The task –
Return each line of the listing exactly as written.

[[ Given entries open ]]

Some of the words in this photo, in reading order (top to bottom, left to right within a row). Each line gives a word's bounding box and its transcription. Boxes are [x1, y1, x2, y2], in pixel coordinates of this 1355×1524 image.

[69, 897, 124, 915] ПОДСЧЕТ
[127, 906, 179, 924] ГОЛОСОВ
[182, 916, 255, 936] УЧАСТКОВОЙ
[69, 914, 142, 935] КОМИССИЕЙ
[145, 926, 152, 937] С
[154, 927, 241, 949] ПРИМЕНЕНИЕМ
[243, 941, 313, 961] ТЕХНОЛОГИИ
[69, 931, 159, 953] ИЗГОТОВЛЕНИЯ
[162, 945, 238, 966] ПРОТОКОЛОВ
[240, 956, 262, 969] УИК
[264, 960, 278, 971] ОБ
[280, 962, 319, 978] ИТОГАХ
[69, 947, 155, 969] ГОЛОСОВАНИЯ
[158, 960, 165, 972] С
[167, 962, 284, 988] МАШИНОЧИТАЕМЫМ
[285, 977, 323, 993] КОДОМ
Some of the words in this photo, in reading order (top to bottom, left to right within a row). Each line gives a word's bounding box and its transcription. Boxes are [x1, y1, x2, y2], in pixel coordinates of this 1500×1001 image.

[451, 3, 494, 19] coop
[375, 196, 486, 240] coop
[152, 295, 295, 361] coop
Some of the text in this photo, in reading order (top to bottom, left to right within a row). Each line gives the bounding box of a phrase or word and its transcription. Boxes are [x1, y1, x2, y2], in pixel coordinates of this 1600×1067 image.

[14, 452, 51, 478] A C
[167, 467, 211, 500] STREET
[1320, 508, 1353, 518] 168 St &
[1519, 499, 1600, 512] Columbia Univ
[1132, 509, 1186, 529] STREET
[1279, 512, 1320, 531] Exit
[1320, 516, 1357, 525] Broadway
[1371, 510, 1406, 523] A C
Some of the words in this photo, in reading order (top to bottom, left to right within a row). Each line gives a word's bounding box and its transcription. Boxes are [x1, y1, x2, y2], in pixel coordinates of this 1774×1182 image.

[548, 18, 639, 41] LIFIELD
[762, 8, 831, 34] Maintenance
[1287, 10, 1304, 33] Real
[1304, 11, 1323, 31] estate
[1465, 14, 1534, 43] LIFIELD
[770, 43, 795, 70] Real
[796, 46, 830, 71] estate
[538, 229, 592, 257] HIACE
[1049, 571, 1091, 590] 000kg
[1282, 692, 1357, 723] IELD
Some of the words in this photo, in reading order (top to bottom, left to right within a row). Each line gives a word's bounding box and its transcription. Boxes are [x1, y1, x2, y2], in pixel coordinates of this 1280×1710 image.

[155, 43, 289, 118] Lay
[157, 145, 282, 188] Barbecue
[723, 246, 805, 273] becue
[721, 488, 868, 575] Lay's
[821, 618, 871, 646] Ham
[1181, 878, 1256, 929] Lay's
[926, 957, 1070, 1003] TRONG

[[ Given entries closed ]]

Solution below –
Some of the words in this photo, in reading order (top to bottom, left to right within a row). Each line gives a word's bounding box and its transcription. Boxes are [x1, y1, x2, y2], in pixel coordinates of this 1355×1524 image.

[69, 897, 124, 915] ПОДСЧЕТ
[127, 906, 179, 924] ГОЛОСОВ
[182, 916, 255, 936] УЧАСТКОВОЙ
[69, 914, 142, 935] КОМИССИЕЙ
[145, 926, 152, 937] С
[154, 927, 241, 949] ПРИМЕНЕНИЕМ
[243, 941, 313, 961] ТЕХНОЛОГИИ
[69, 931, 159, 953] ИЗГОТОВЛЕНИЯ
[162, 945, 238, 966] ПРОТОКОЛОВ
[240, 956, 262, 969] УИК
[264, 960, 278, 971] ОБ
[280, 962, 319, 978] ИТОГАХ
[69, 947, 155, 969] ГОЛОСОВАНИЯ
[158, 960, 165, 972] С
[167, 962, 284, 988] МАШИНОЧИТАЕМЫМ
[285, 977, 323, 993] КОДОМ
Some of the words in this photo, in reading order (top to bottom, left to right within a row). Each line gives a word's bounding box and its transcription. Boxes are [x1, y1, x2, y2], in pixel coordinates of this 1500×1001 image.

[451, 3, 494, 19] coop
[375, 196, 486, 240] coop
[152, 295, 295, 361] coop
Some of the text in this photo, in reading order (top to bottom, left to right within a row). Each line gives the bounding box of a phrase or word and its transcription. Boxes are [x1, y1, x2, y2], in pixel coordinates of this 1600×1067 image.

[14, 452, 51, 478] A C
[167, 467, 211, 500] STREET
[1320, 508, 1353, 518] 168 St &
[1519, 499, 1600, 512] Columbia Univ
[1132, 509, 1186, 529] STREET
[1279, 512, 1320, 531] Exit
[1320, 516, 1357, 525] Broadway
[1371, 510, 1406, 523] A C
Some of the words in this photo, in reading order (top to bottom, left to right within a row). Each line gives a word's bounding box and its transcription. Boxes are [x1, y1, x2, y2], in pixel coordinates of this 1774×1182 image.

[548, 18, 639, 41] LIFIELD
[762, 8, 831, 34] Maintenance
[1287, 10, 1304, 33] Real
[1304, 11, 1323, 31] estate
[1465, 14, 1534, 43] LIFIELD
[770, 43, 795, 70] Real
[796, 46, 830, 71] estate
[538, 229, 592, 257] HIACE
[1049, 571, 1091, 590] 000kg
[1282, 692, 1357, 723] IELD
Some of the words in this photo, in reading order (top to bottom, left to right within a row). Each line gives a word's bounding box and its transcription. Boxes are [x1, y1, x2, y2], in pixel coordinates of this 1280×1710 image.

[155, 43, 289, 118] Lay
[157, 145, 282, 188] Barbecue
[723, 246, 805, 273] becue
[721, 488, 868, 575] Lay's
[821, 618, 871, 646] Ham
[1181, 878, 1256, 929] Lay's
[926, 957, 1070, 1003] TRONG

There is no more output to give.